The parliamentary foreign affairs select committee said that Foreign Secretary Boris Johnson had "questions to answer" over the Arab kingdom's use of weapons, including the prohibited cluster bombs, in attacks which had in many cases struck hospitals and other civilian infrastructure.

More than 10,000 people - most of them civilians - have been killed in Yemen since the Saudi-led coalition intervened in support of President Abd Rabbuh Mansour Hadi's government, the United Nations says.

Another report by the select committee accused the Foreign Office of actively trying to block investigations into arms sales to the Saudis, warning that the government was deliberately “preventing public scrutiny” of its practices.

“The government points to its robust licensing regime as evidence that its arms export practices are responsible," said the report.

“However, by failing to provide persuasive evidence to support this statement or to respond to reports of breaches of international humanitarian law, the government is preventing public scrutiny of its practices."

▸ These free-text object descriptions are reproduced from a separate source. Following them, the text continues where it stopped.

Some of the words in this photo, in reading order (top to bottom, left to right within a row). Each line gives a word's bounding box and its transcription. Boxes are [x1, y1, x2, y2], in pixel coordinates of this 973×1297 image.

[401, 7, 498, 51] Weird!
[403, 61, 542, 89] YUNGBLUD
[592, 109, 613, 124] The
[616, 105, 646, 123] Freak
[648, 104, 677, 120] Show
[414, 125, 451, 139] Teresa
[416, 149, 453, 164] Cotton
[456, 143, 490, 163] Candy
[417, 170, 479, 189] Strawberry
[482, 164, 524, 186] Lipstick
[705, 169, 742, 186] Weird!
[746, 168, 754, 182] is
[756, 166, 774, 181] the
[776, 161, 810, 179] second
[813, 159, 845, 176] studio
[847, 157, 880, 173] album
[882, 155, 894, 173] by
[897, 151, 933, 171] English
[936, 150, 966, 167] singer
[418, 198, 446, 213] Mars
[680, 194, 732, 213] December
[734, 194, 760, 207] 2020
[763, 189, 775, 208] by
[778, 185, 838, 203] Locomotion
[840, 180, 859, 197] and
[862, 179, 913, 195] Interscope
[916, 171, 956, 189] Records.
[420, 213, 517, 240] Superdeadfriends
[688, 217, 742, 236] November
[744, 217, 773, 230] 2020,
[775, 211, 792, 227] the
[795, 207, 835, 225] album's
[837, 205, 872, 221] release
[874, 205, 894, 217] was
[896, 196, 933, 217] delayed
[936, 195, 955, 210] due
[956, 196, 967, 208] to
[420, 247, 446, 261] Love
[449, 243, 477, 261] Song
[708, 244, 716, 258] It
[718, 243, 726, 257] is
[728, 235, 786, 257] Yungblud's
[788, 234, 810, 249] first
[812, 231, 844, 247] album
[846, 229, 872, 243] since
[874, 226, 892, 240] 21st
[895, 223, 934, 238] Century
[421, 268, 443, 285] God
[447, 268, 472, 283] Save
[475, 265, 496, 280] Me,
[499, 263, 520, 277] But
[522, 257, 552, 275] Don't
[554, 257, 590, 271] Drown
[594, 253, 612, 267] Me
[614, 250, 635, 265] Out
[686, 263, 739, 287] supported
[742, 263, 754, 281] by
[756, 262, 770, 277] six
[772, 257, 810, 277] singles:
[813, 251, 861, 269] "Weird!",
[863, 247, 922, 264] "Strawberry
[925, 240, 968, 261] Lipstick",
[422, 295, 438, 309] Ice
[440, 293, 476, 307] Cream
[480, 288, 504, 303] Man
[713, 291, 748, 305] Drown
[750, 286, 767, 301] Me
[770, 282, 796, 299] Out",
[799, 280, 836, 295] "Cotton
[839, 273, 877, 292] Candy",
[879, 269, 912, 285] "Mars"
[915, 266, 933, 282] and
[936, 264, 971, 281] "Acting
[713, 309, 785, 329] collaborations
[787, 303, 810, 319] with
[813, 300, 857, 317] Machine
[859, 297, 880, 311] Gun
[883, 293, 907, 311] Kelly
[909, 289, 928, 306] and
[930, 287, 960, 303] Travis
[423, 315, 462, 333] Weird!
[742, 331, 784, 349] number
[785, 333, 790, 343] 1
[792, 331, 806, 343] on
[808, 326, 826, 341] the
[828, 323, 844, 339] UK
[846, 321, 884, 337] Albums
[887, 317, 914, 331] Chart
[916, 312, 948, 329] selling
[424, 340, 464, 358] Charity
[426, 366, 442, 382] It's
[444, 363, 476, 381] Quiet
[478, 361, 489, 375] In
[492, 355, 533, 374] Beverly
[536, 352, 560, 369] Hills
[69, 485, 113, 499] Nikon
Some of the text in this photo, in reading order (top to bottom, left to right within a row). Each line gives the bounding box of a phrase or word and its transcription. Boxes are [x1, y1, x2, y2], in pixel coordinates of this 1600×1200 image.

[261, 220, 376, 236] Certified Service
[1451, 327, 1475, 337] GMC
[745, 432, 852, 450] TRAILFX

Britain has long been a major suppliers of defence equipment to Saudi Arabia.

The Al-Yamamah deal conducted between BAE and the Kingdom in the 80s - worth more than £40bn, according to former BAE chief executive Mike Turner - was credited having saved the company from financial crisis.

However, the deal was highly controversial and in 2010 BAE pleaded guilty to a United States court of charges of false accounting and making misleading statements in connection with the deal.

Both sides in the conflict have been accused of war crimes, including the indiscriminate targeting of civilians.

Cross-border rebel shelling from Yemen killed one person and wounded a mother and child in southern Saudi Arabia on Friday, the kingdom's civil defence said.

The victims of the 7am shelling by Houthi rebels in the Jazan region were all Yemeni residents of the kingdom, spokesman Yahya al-Qahtani said.

Cross-border fire and skirmishes have killed more than 100 civilians and Saudi soldiers in the kingdom since the Saudi-led coalition began launching air strikes in March last year.